You do not have to know this, but in case you are curious, by redrawing the schematic and not showing the phase switch, the switching becomes a little easier to understand.

When the DPDT switch is in the series position, (middle terminals connected to the top terminals which are connected by a wire), the switching is easy to see. The only outputs for the pickups are the middle pickup “+” terminal and the bridge pickup “—” terminal. The switches are wired so that they shunt (actually “short-circuit”) that particular pickup. So when you are turning one pickup “off” on your guitar, the switch is actually “on” and bypasses that pickup. This creates no problems when all pickups are in series.

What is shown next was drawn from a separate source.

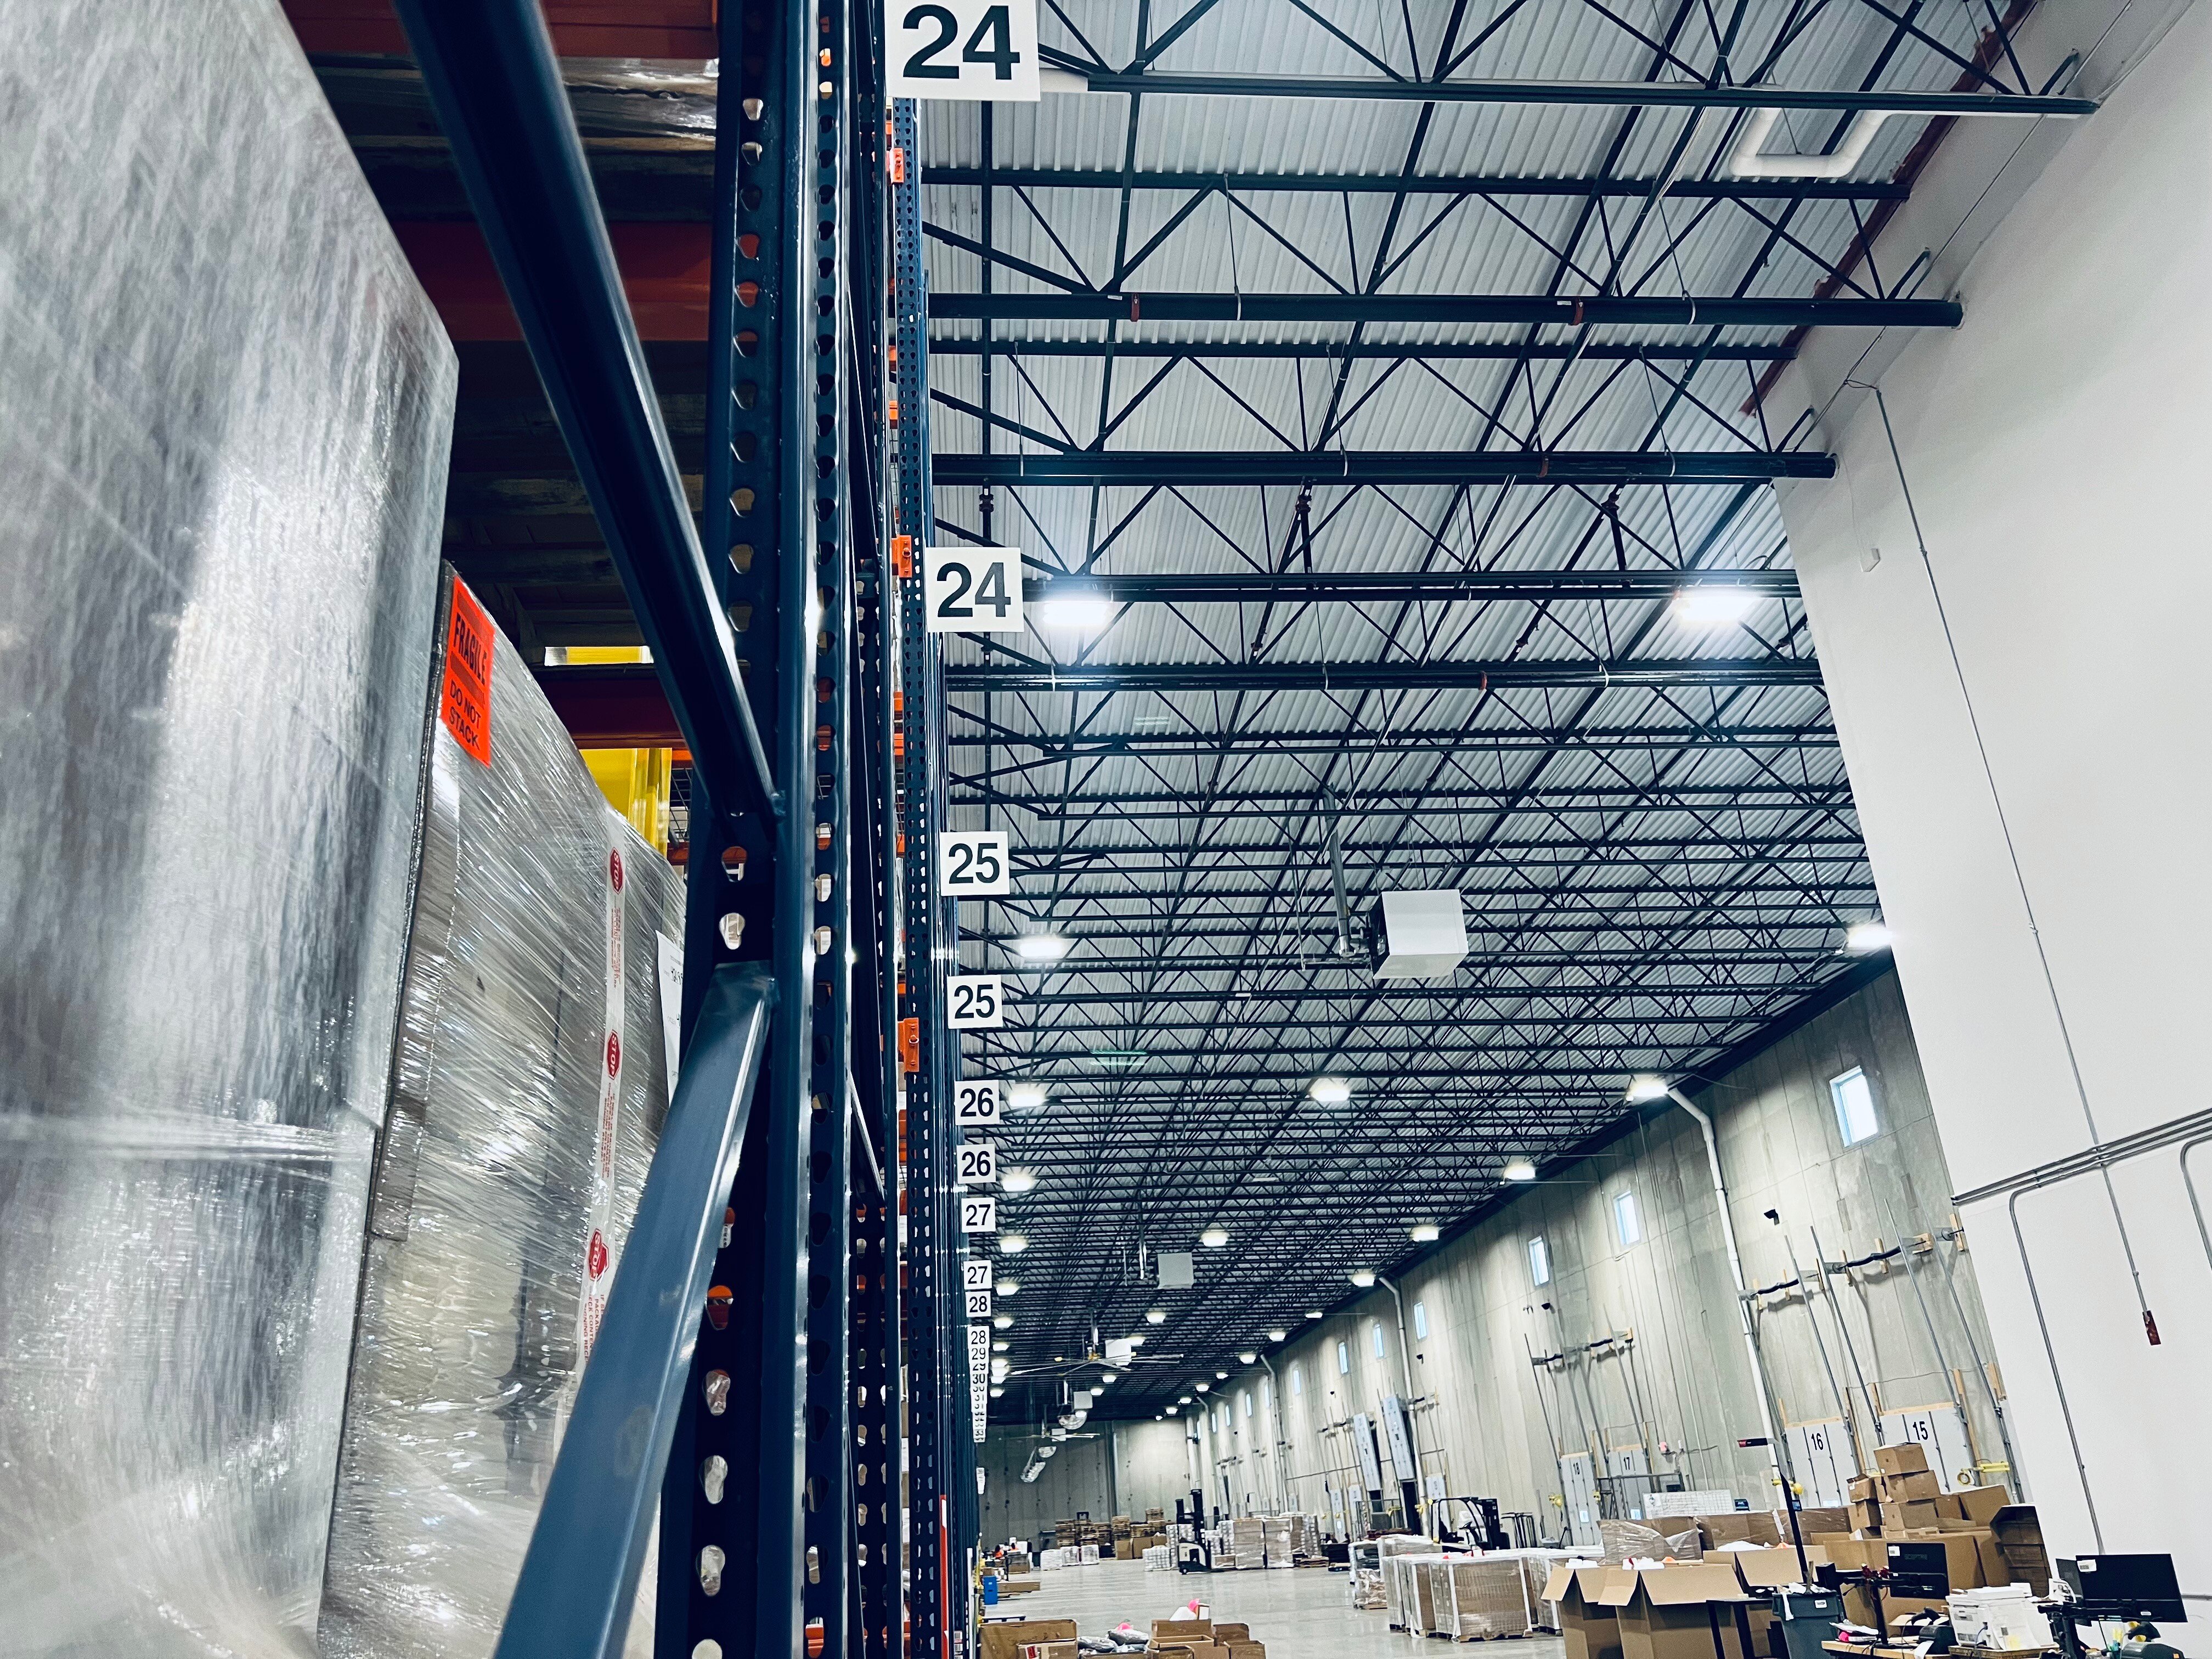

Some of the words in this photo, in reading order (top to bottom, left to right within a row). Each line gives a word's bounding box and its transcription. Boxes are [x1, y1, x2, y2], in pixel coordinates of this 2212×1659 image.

Switching to parallel, the middle terminals are now connected to “—” and “+”. The switches still function the same way. When you want neck and middle, the bridge pickup is “shorted” and the neck “minus” terminal goes directly to ground and its “plus terminal” goes directly to the “hot” (or ‘+’) output. When you want bridge and middle, the neck pickup is “shorted” and the neck “minus” terminal goes directly to ground.
These are the only parallel combinations you can obtain. Why? If you wanted Neck and Bridge, you would flip the middle pickup switch “on” and do you see what happens? The middle pickup switch causes the ground and hot outputs to be connected together which results in the entire guitar turning “off” and no sound comes out. By the same reasoning, you can see why trying to choose single pickups when the switch is set for parallel will also have the same effect. (Luckily, you can get ALL 3 single coil choices when the switch is set for series).

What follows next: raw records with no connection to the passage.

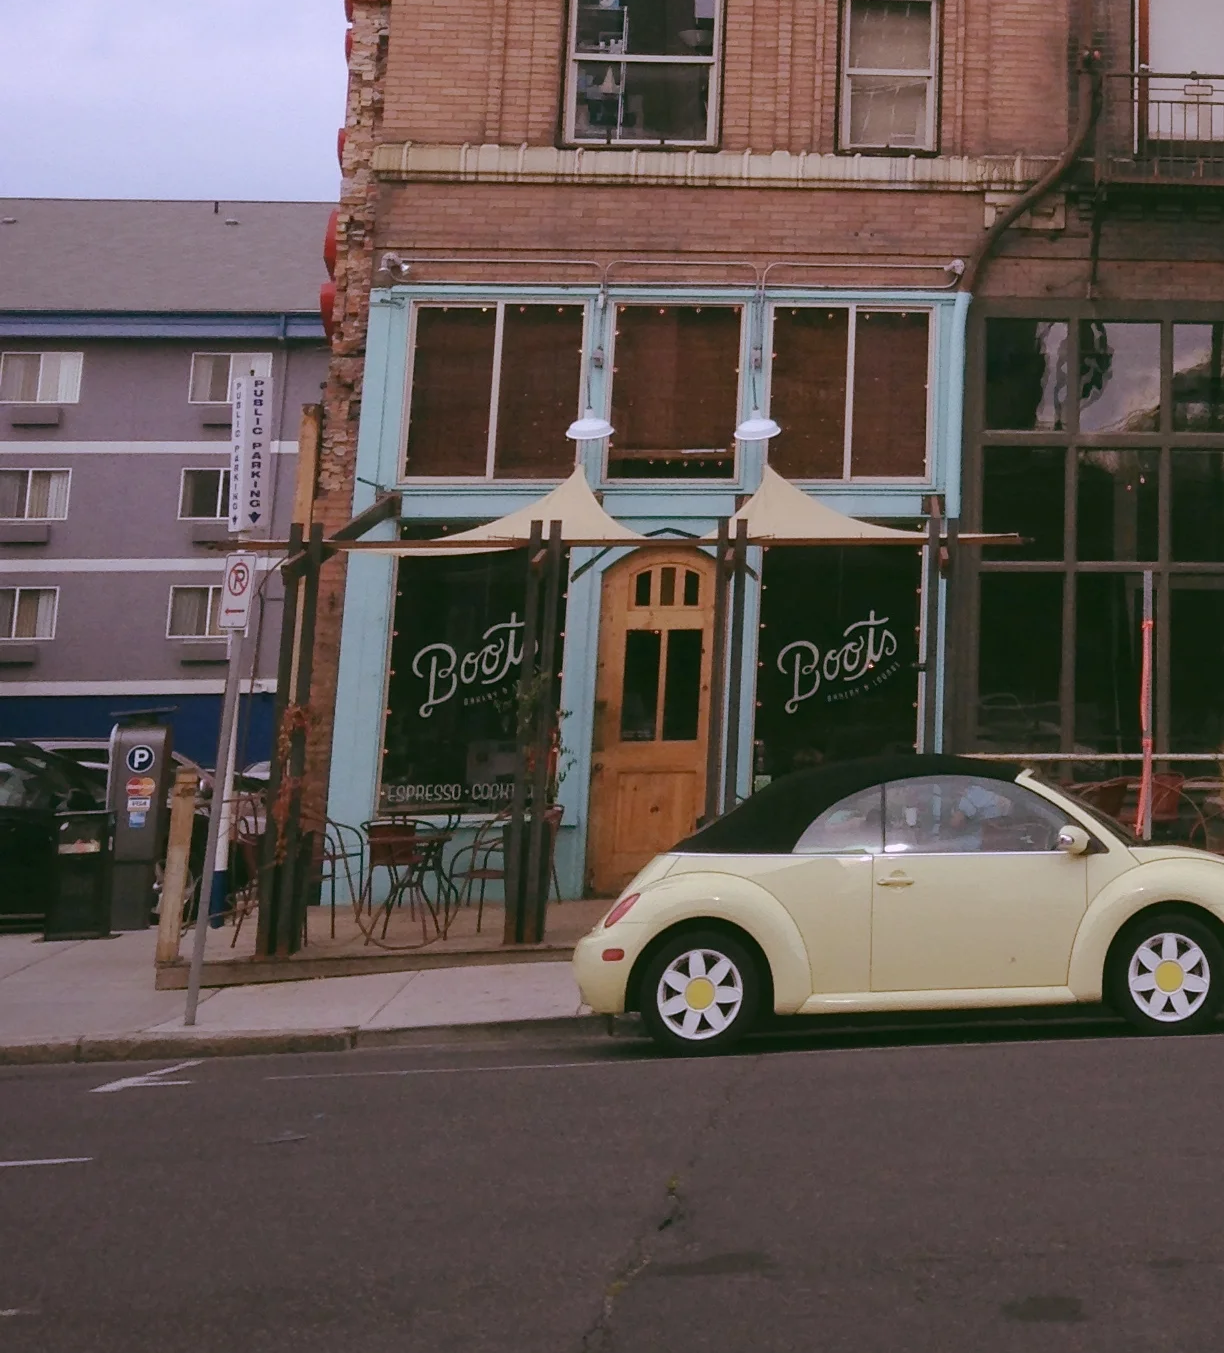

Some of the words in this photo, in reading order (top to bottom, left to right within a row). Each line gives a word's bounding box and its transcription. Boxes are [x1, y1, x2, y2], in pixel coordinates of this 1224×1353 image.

[235, 382, 243, 438] PUBLIC
[251, 379, 265, 436] PUBLIC
[232, 445, 240, 511] PARKING
[249, 442, 263, 509] PARKING
[777, 610, 897, 714] Boots
[387, 783, 462, 802] ESPRESSO

In order to maximize the humbucking possibilities, the pickup that is reverse wired with reverse polarity (RWRP)should be on the “left” side of the circuit. Let’s suppose the RWRP pickup was in the bridge? Then we would want to wire the guitar in this way:

In this way we could get neck and bridge (series and parallel), and middle and bridge (series and parallel) and all four would be humbucking.
As you can see this circuit is quite “flexible” in accommodating the kinds of switching that you want.